Over the last 18 months we’ve been working closely with the European Bioinformatics Institute on a project to improve their use of open source search engines, funded by the BBSRC. The project was originally named BioSolr but has since grown to encompass Elasticsearch. Last week we held a two-day workshop on the Wellcome Genome Campus near Cambridge to showcase our achievements and hear from others working in the same field, focused on Solr on the first day and Elasticsearch and other solutions on the second. Attendees included both bioinformaticians and search experts, as the project has very much been about collaboration and learning from each other.
The day started with a quick recap of the project from myself and Dr. Sameer Valenkar of the EBI. Eric Pugh, founder of Flax’s US partners Open Source Connections, followed with his Unofficial State of Solr, detailing the history of the project, recent innovations and what might happen in the future, including some very interesting new features allowing for parallel SQL queries. We then heard from Flax team members Tom Winch and Matt Pearce on how they have built faceting improvements, a new XJoin between Solr and external systems, researched federated search and developed ontology indexers (note that all of the software they’ve built is available as open source, and Tom has recently written extensively about XJoin).

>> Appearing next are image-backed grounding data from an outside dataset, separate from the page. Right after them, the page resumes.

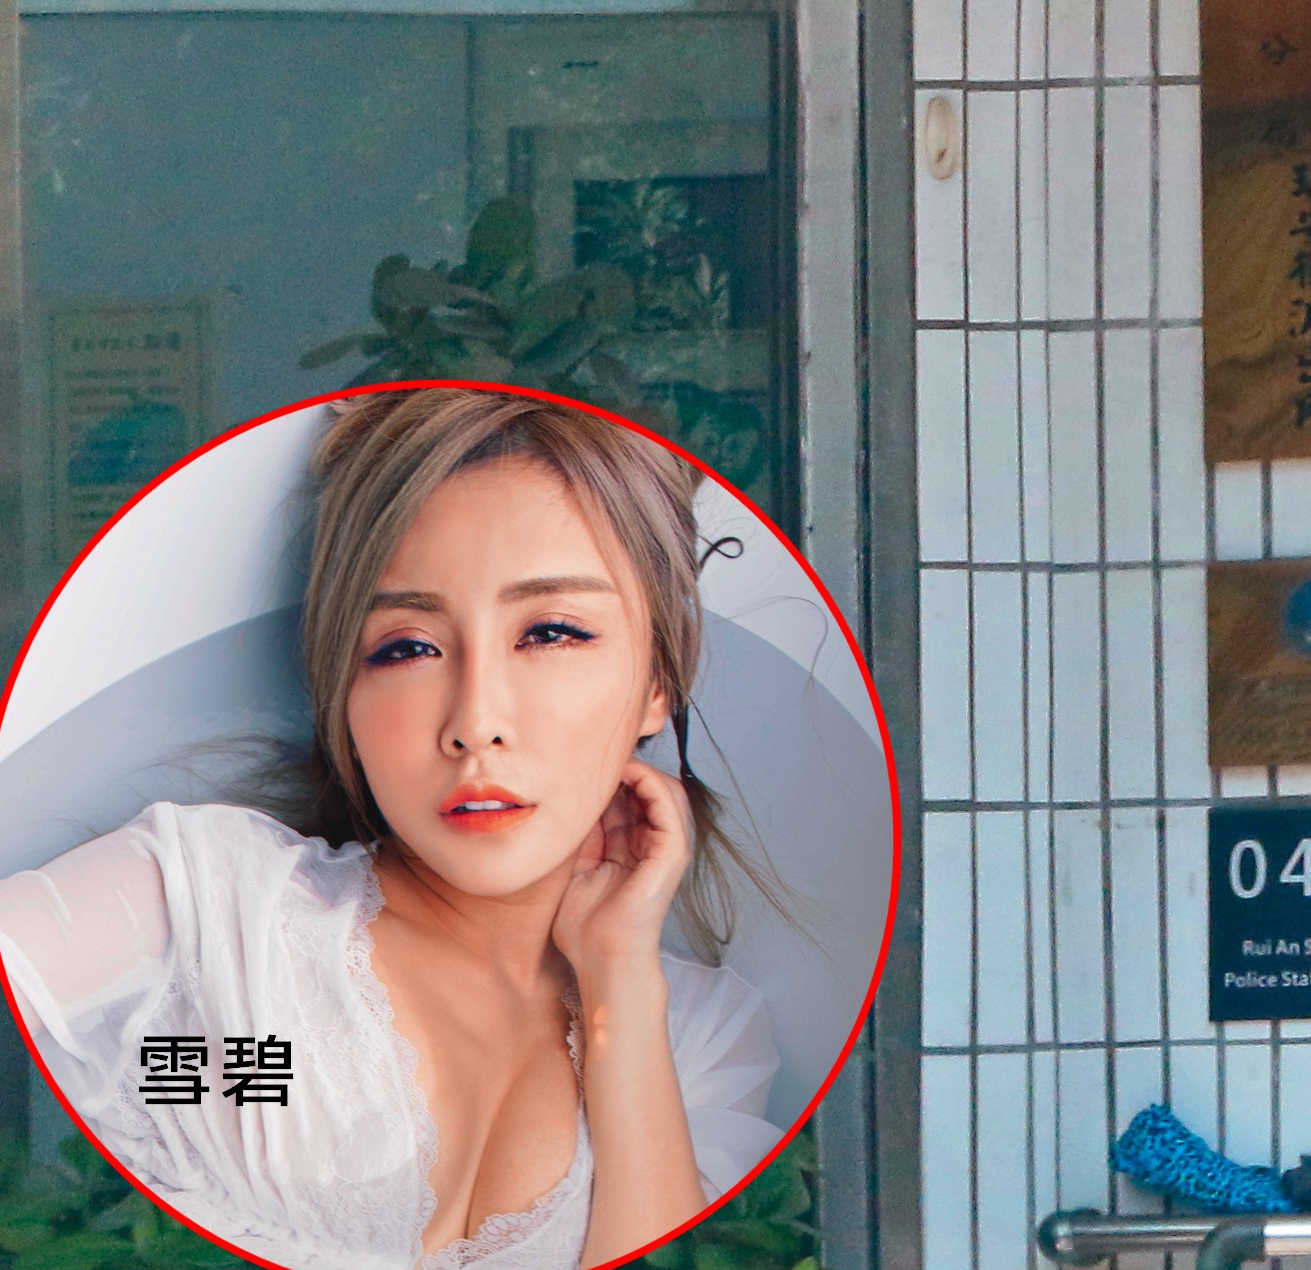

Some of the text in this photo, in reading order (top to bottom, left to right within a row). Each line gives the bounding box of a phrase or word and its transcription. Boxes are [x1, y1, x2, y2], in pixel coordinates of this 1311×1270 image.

[1241, 938, 1272, 956] Rui
[1275, 938, 1301, 956] An
[1224, 970, 1311, 988] Police Sta
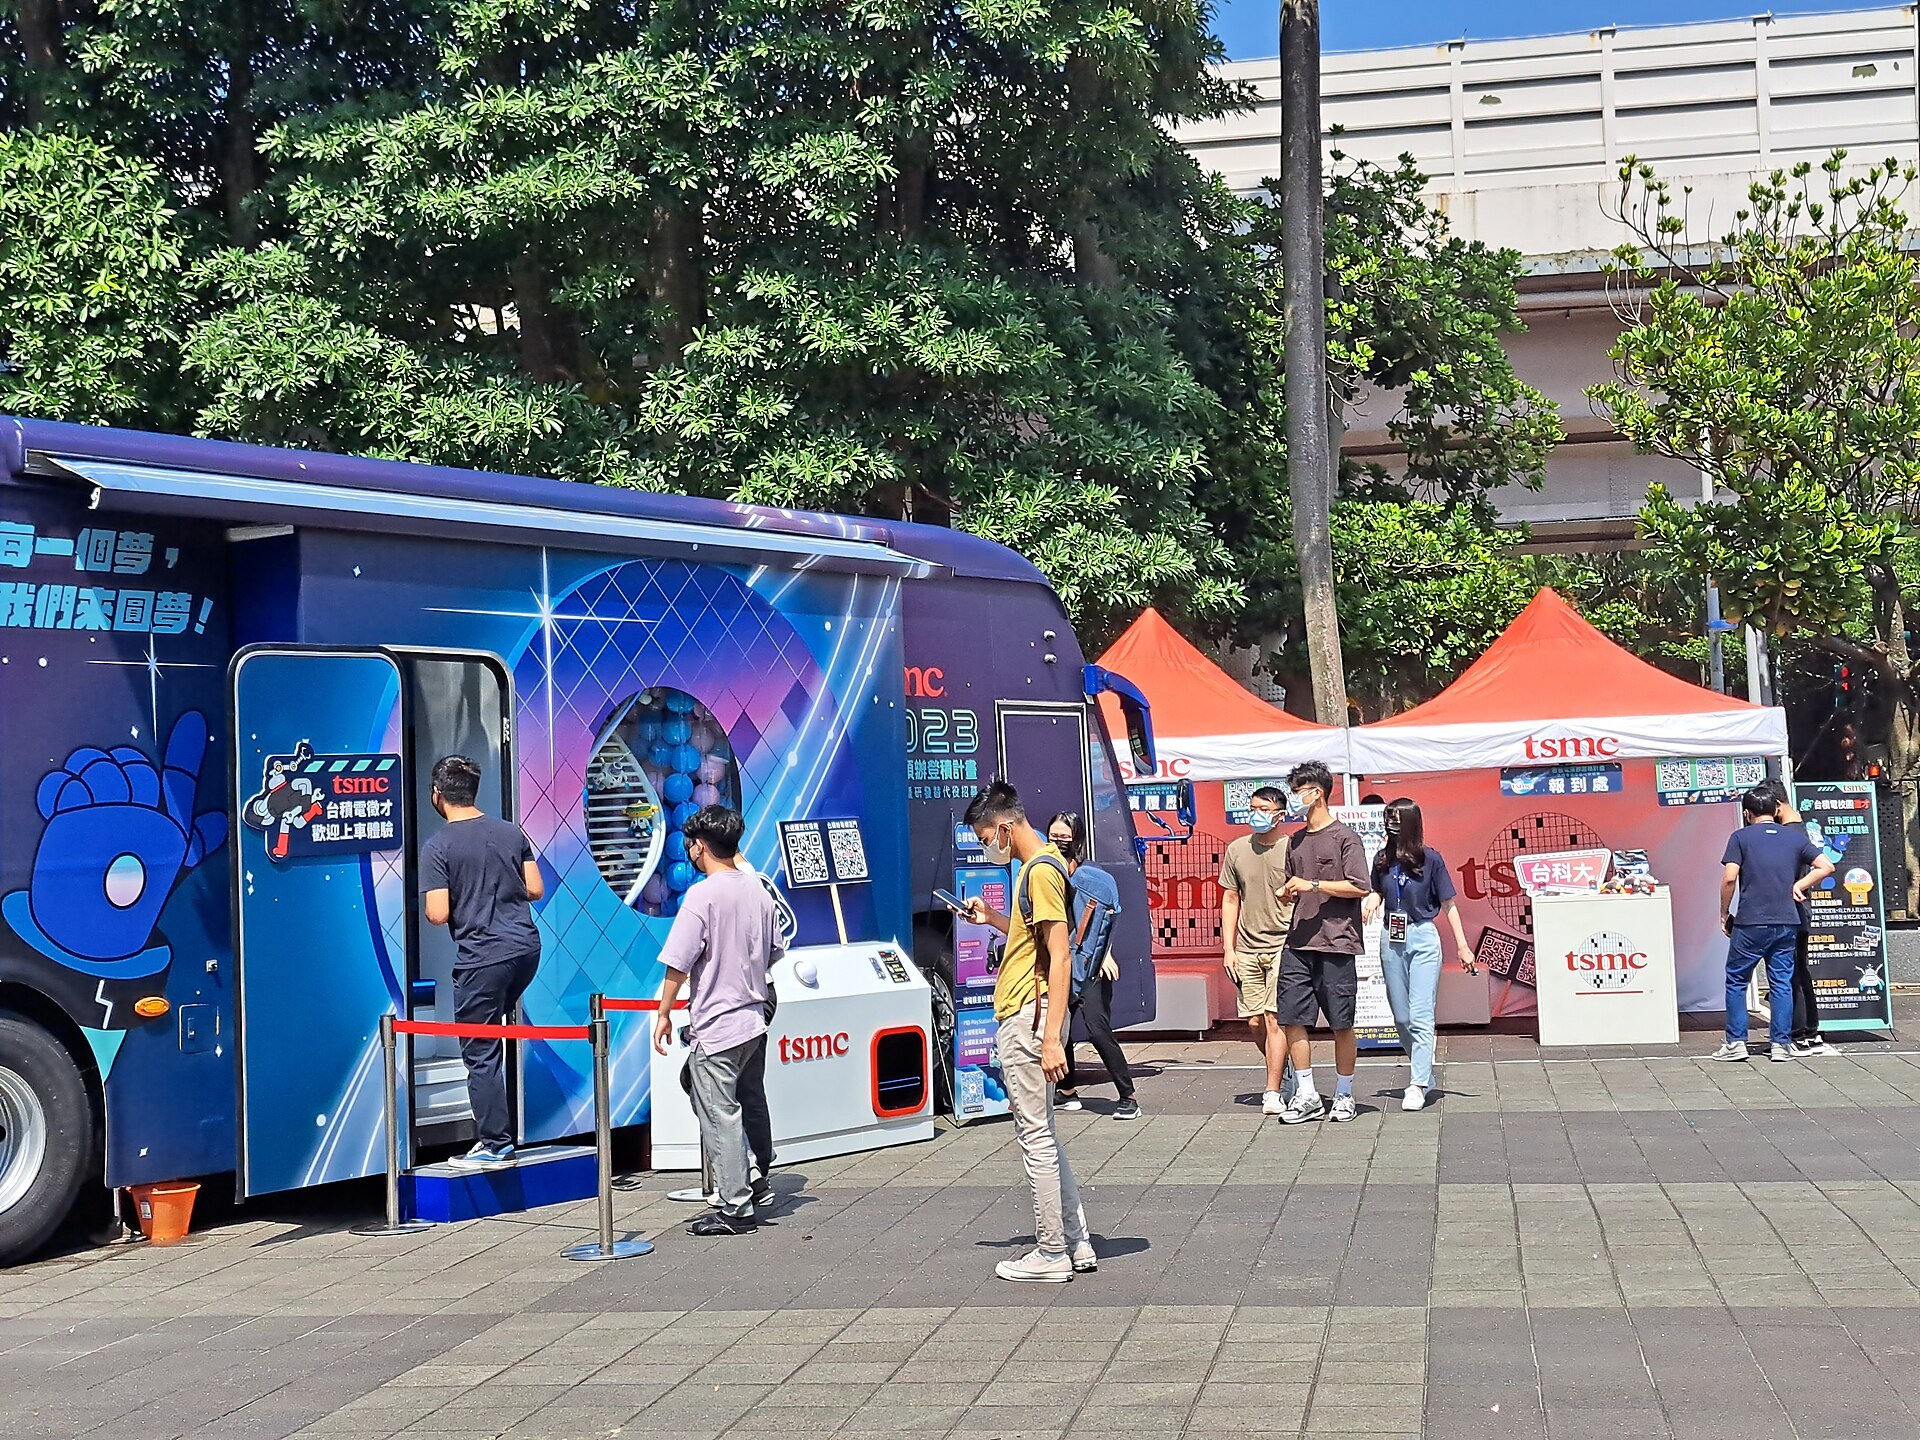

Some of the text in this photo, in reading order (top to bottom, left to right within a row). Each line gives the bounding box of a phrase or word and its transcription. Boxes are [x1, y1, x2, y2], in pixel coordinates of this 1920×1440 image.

[1523, 735, 1620, 760] tsmc
[332, 774, 390, 795] tsmc
[1548, 776, 1610, 794] 報到處
[326, 800, 393, 820] 台積電徵才
[311, 822, 394, 843] 歡迎上車體驗
[1531, 861, 1594, 884] 台科大
[1564, 950, 1648, 972] tsmc
[777, 1030, 850, 1065] tsmc

After lunch we heard from Peter Meric of the NCBI (the US equivalent of the EBI) on a Solr-based system for searching gene data, to supplement the NCBI’s homegrown Entrez system. This is very much a filtered search rather than a text search and indexes around 330m records. He also talked about a High Availability prototype of a replacement for the very high traffic PubMed service built on Amazon Web Services. Each Solr, MongoDB or Zookeeper node ‘announces’ itself using a monitor service and then replicates data from a master node. Although it is not yet available as open source I think this project may be of great interest to the wider Solr community and I hope we hear more of it soon.

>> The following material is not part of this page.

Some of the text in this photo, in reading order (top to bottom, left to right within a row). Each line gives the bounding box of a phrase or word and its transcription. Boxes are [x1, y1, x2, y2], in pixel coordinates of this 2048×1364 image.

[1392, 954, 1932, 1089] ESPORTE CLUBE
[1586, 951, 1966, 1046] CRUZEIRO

Next up was a brief talk by Dan Bolser of the EBI on an ‘old school’ scheme for sharding plant phenotype data – I’d seen part of this presentation before and it’s linked to our own ideas on federating search across bioinformatics data. Dan was followed by Lewis Geer of NCBI talking about the SEQR protein similarity search engine built on Solr. Although somewhat complex for us non-biologists to understand, this very clever system relies on experimental results to suggest which of the possible variants of a protein system are likely, and adds these to the Solr index – it reminded me of a similar approach we’ve used to store possible OCR errors when working with scanned newsprint. His team’s code is available. Dan Stainer of the Ensembl project was next discussing how his team are indexing tens of thousands of genomes from thousands of species, currently on a MySQL backend with a REST API and a lot of Perl. He discussed how they have been experimenting with Elasticsearch to index around 3.2bn items, creating a 782GB index which builds in around 5-6 hours, to provide new capabilities such as structured queries for their genome browser tools.

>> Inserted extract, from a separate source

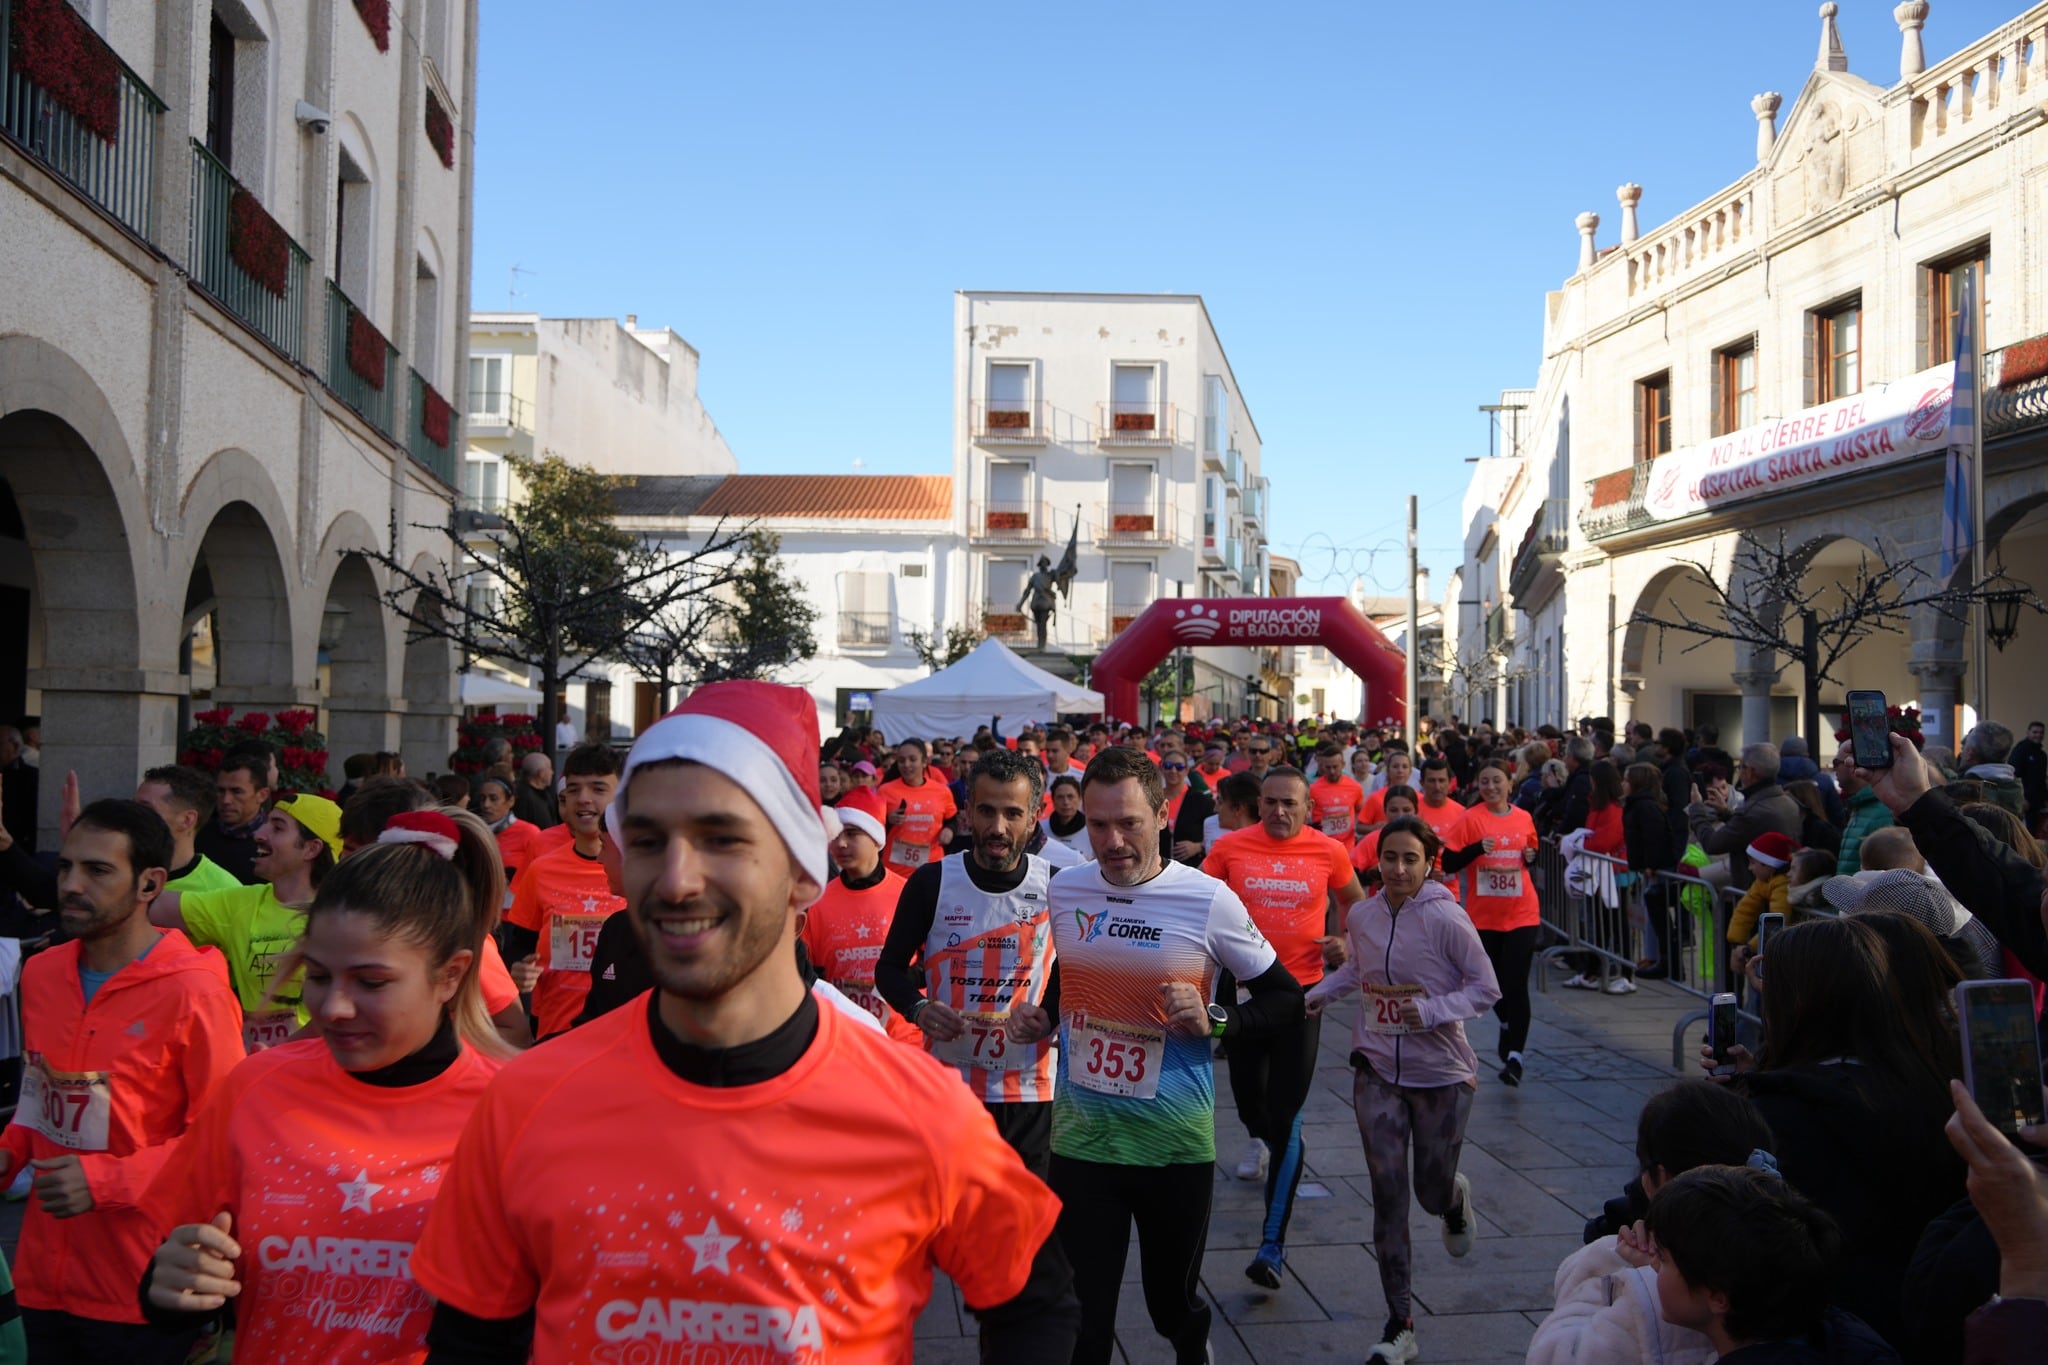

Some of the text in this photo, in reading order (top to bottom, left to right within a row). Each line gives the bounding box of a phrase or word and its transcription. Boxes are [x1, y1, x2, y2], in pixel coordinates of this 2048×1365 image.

We then held an interactive hands-on session, covering subjects such as ‘getting started with Solr’ and exploring some of the code we’ve built such as XJoin, followed by a conference dinner in Hinxton Hall. It was clear that there is a huge range of use cases for search technology in the life sciences community and almost as many different ways to address them, and the after-dinner conversation was lively and highly interesting!